Riportiamo di seguito la recensione della dottoressa Maria Alba Stigliano medico materana in servizio presso l’ospedale Santo Spirito ed il Filippo Neri di Roma al libro Racconti dei Sassi e delle donne di Matera di Vito Coviello
n questo corposo volume di racconti ritroviamo concentrati tutti i concetti che Vito ha sempre espresso in ogni suo libro ma anche alcune novità.
E’ sempre presente il suo amore e la profonda conoscenza di Matera com’era e com’è oggi, com’erano i suoi concittadini ed in particolare le donne di Matera, nonne, madri, donne che nonostante le ristrettezze economiche mandavano avanti e facevano crescere le famiglie con il loro amore, la loro abnegazione, la loro sofferenza.

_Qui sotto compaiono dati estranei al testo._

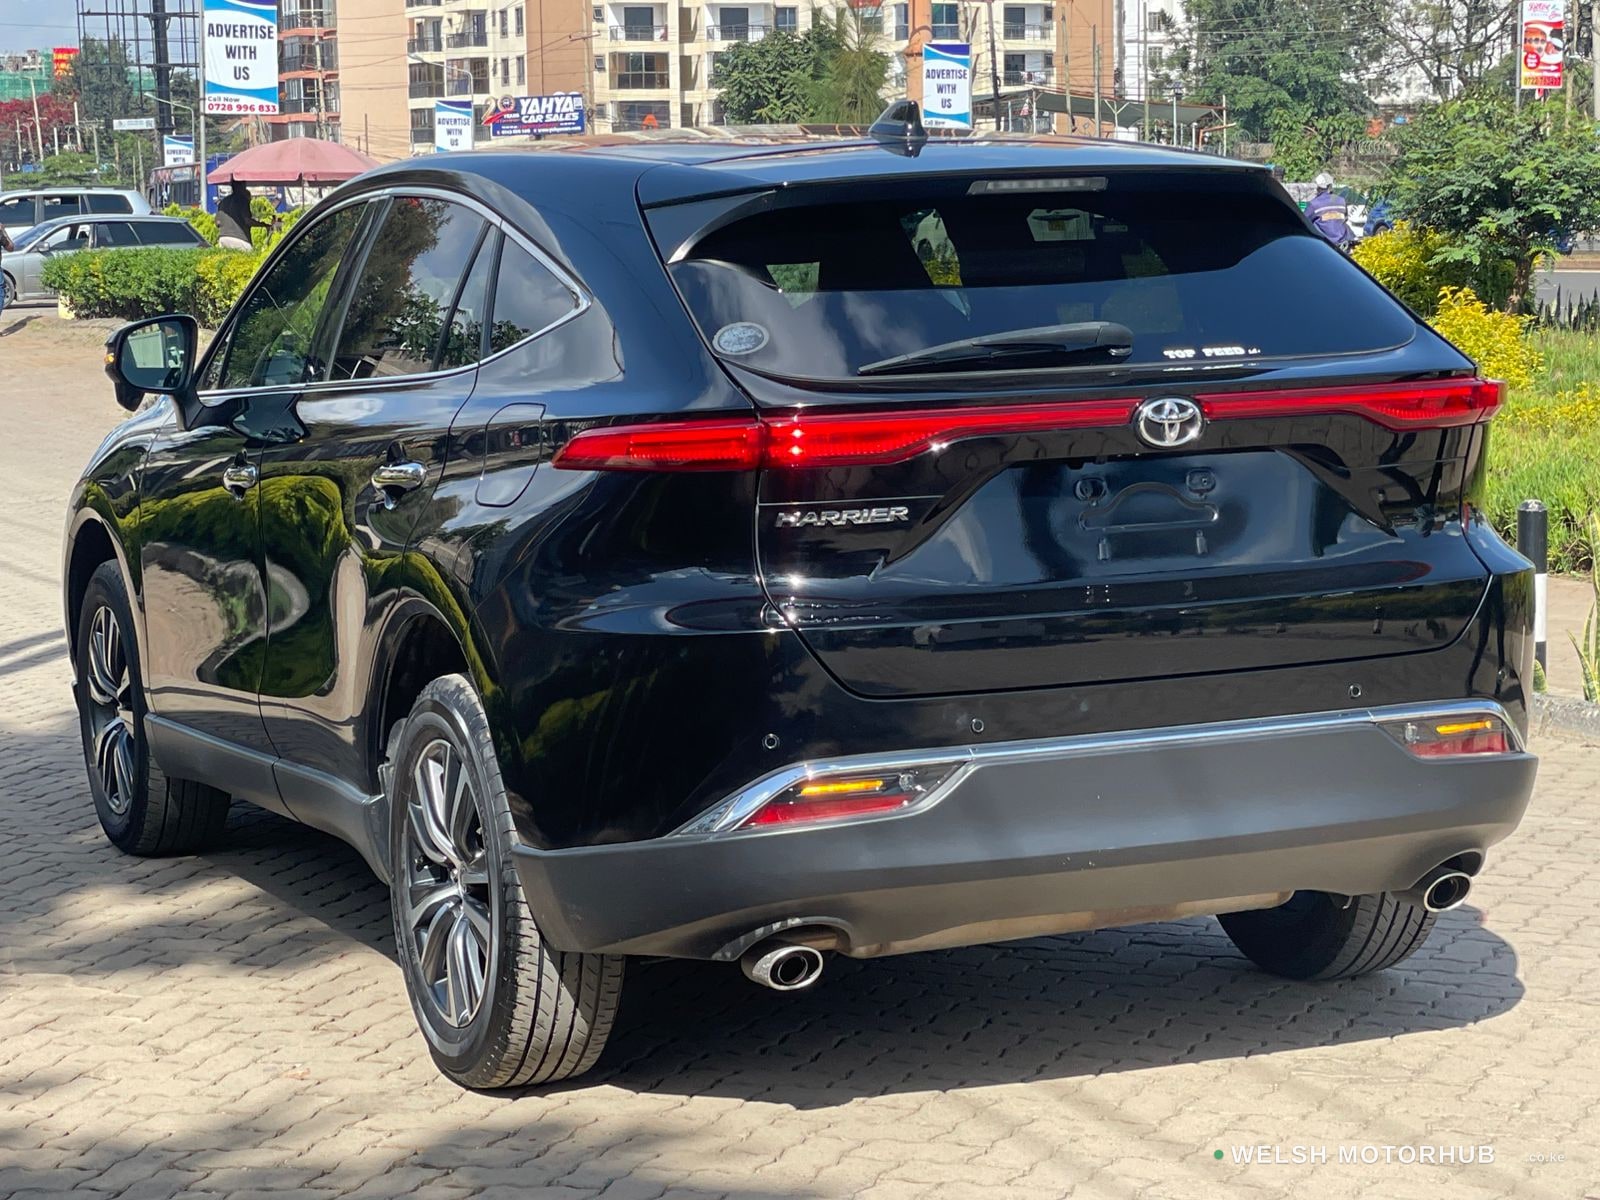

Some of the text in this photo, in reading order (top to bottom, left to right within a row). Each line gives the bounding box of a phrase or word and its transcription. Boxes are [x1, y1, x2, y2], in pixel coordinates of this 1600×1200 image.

E’ un inno alle donne di Matera, che con il loro impegno, la loro forza, il loro coraggio, che neanche gli uomini avevano, riuscirono a fermare la macchina del Presidente del Consiglio De Gasperi, in visita a Matera, per fargli toccare con mano le condizioni dei materani che vivevano nei Sassi. Coraggio che convinse il Presidente del Consiglio a legiferare per il risanamento dei Sassi di Matera.
I racconti narrano con sentimento, quasi con rimpianto di una Matera con persone, artigiani che ormai non esistono più, di una povertà, di una abnegazione, di un sacrificio, ma anche della forza dei suoi abitanti ed in particolare delle donne per uscire fuori da questo stato di degrado.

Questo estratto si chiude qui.